There should be further targets on times from an offence being recorded to the ultimate conclusion and increased capacity for the Crown Court so it could deliver at least 110,000 sitting days a year for the next five years.
With lack of judges “the most pressing constraint in the courts system”, the MPs called for a detailed plan on increasing the number of Crown Court judges.
On the backlog in the Family Court, they said the government should produce an action plan on how it was going to expand capacity, together with a target on how outstanding cases could be reduced by 2025.
MPs said they were concerned that remote hearings in the Family Court were “having a negative effect both on court capacity but also on the quality of the justice itself”.

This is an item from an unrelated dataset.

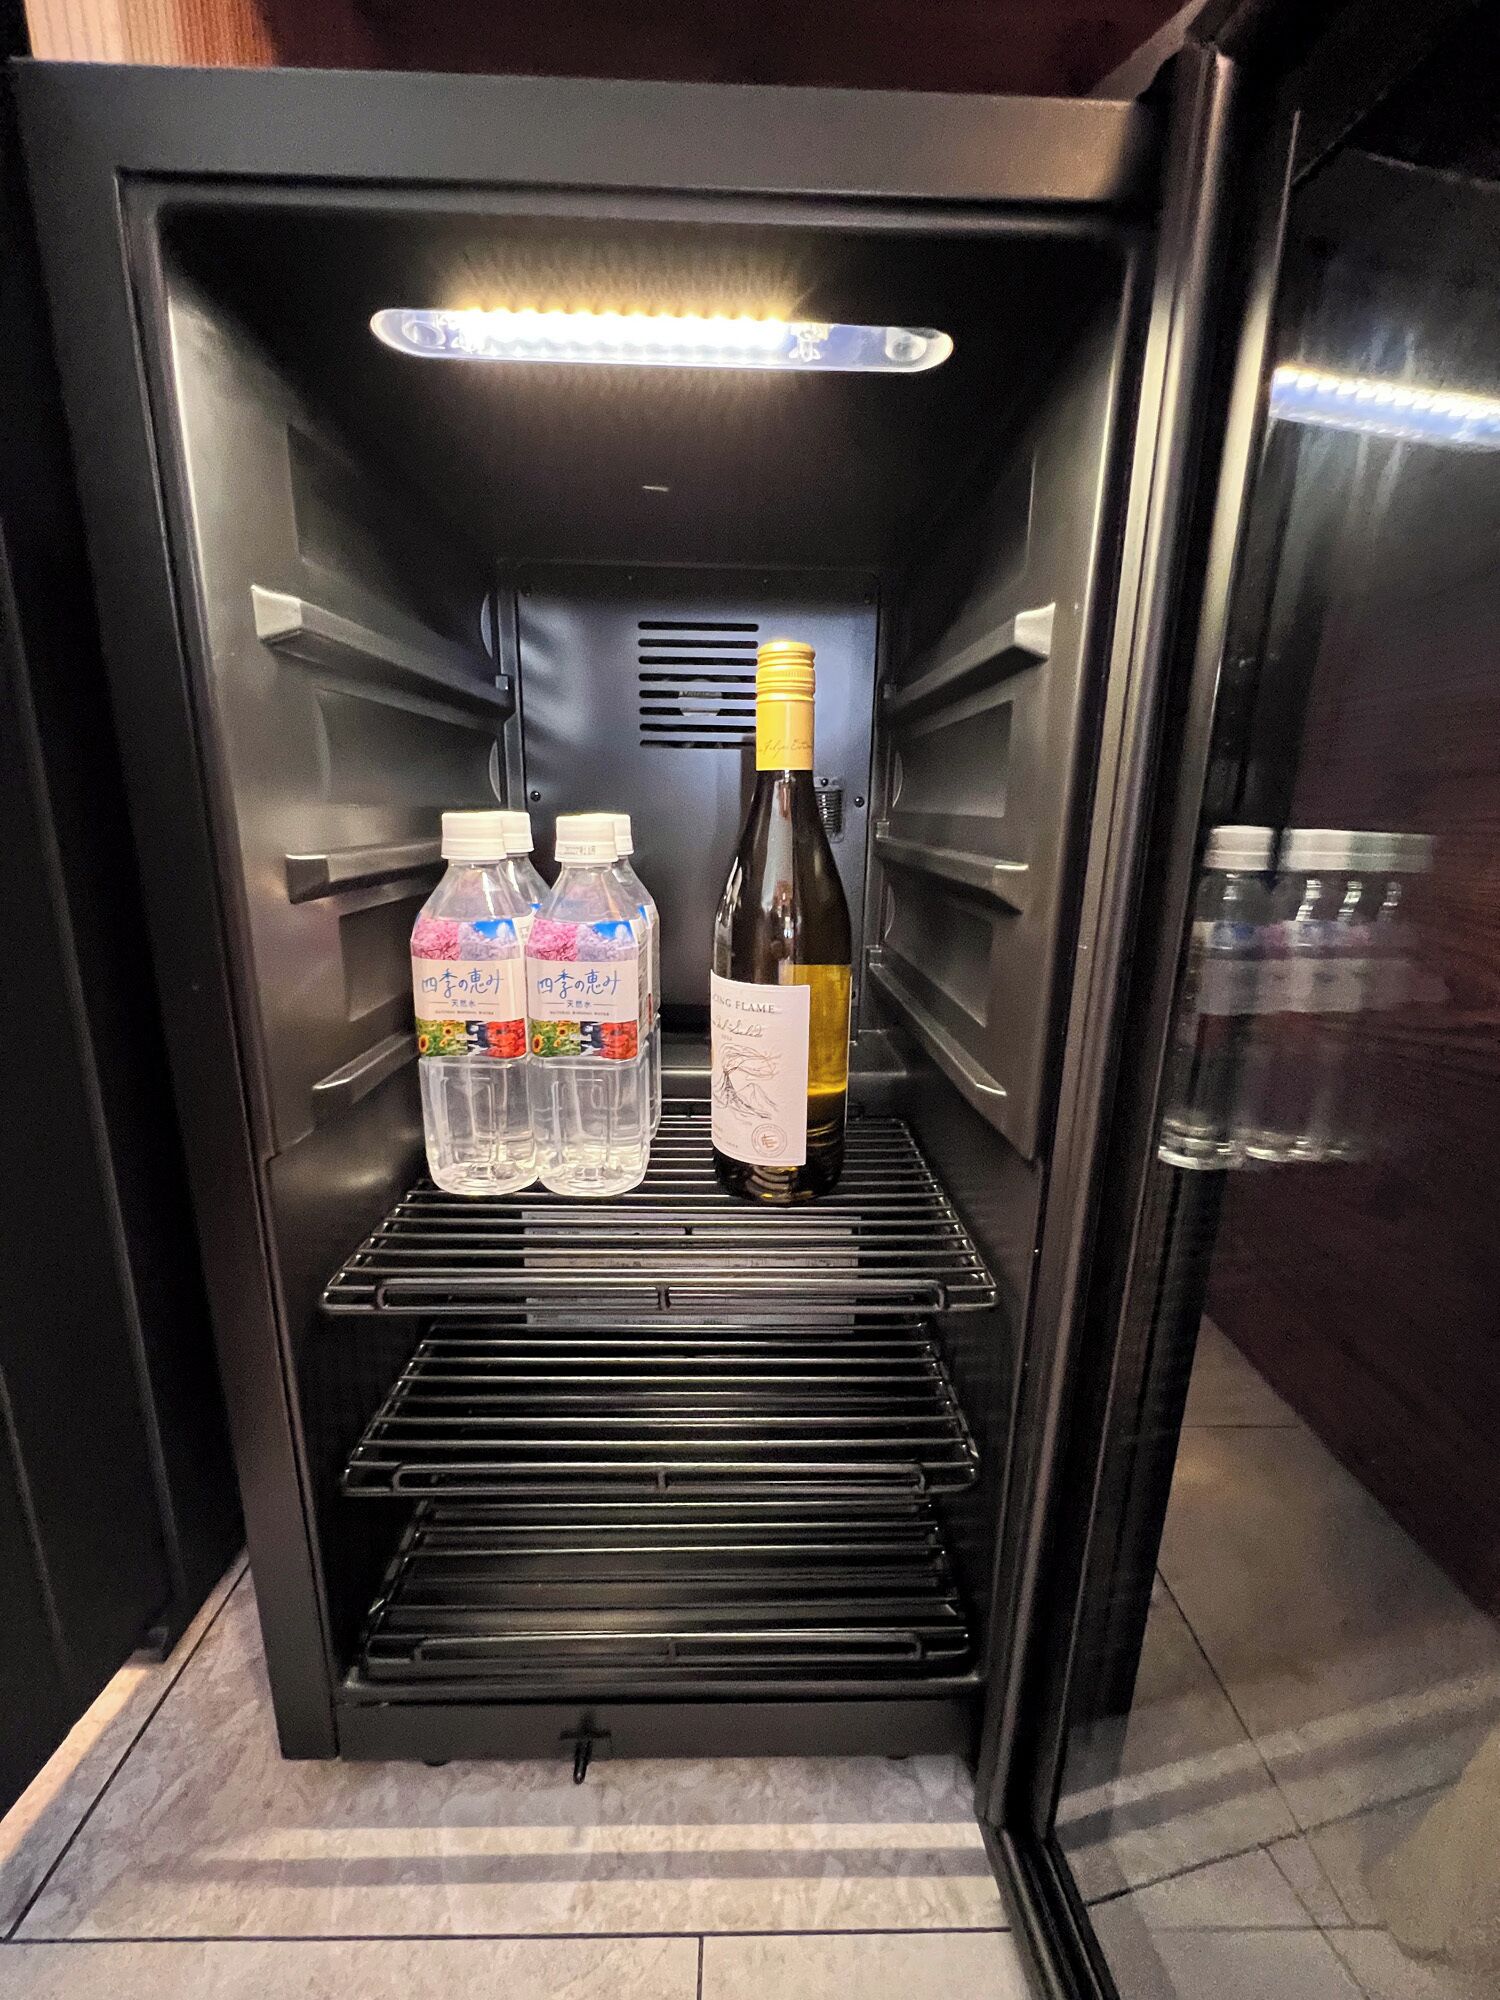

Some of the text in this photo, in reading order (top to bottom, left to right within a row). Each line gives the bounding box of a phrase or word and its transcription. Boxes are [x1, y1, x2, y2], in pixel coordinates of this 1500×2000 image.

[421, 967, 504, 998] 四季の恵み
[537, 968, 620, 999] 四季の恵み
[735, 1000, 776, 1014] FLAME

While “a significant proportion of users” preferred remote hearings, “the interest of justice should be placed above what is most convenient to users of the court”.
Following the publication of criminal justice scorecards, which the committee welcomed, the committee called on the government to publish local civil justice scorecards to improve timeliness in the civil and family courts.
On the county courts, the government should set out what steps it was taking to reduce delays and “improve the judicial, physical, digital and staff capacity”.
Justice committee chair Sir Bob Neill said: “In response to the huge backlog facing courts an impressive commitment to innovation has emerged. The speed with which Nightingale Courts have been established, the use of digital technology and attempts to boost mediation instead of going to family court are all welcome.
“However, this alone will not have the necessary impact to tackle the scale of the capacity issues facing courts.
“The Government must work with the judiciary to ensure that there is sufficient staff and court space to allow trials to take place and the lengthy backlog to reduce.
“The physical estate has been left to crumble for too long and must be made fit for purpose. There must be sufficient numbers of judicial and clerical staff to cope with the volume of cases… The court system is creaking and there needs to be coherent, consistent planning to fix it.”
Dr Natalie Bryom, director of research and learning at The Legal Education Foundation and a leading campaigner for better data in the justice system, said the report “rightly exposes how poor data collection from across the justice system continues to undermine the ability of the MoJ and HMCTS to predict and respond to problems relating to court capacity”.
She continued: “The absence of data and robust governance for managing data has a direct cost in human terms on victims, witnesses, defendants and all those who use the court system – and weakens our ability to shape a more effective and accessible justice system for the future.”
Law Society president I Stephanie Boyce said the report “shines a light on the shameful state of our justice system”.
She continued: “We have long warned about the crumbling courts estate and welcome the committee’s recognition of the urgent need to ensure courts are fit for purpose. We also agree with the need to ensure better data collection to inform decision-making.
“A courts inspectorate could help highlight and prioritise problems in the justice system, and we look forward to discussing with the Ministry of Justice how such a body might work.”
Professor Chris Bones, the chair of CILEX, suggested that one way of increasing the pool of prosecuting lawyers was to remove the legislative barrier that prevents associate prosecutors from becoming Crown prosecutors.
“A new supply line of lawyers to meet the justice crisis would be enabled, with the public purse actually saving money by removing the needless present route of retraining them to become solicitors in order to do so,” he said.
Associate prosecutors – who gain their rights of audience through CILEX Regulation – conduct uncontested cases in the magistrates’ courts, with some able to conduct specified contested hearings, up to and including trials of summary-only non-imprisonable offences.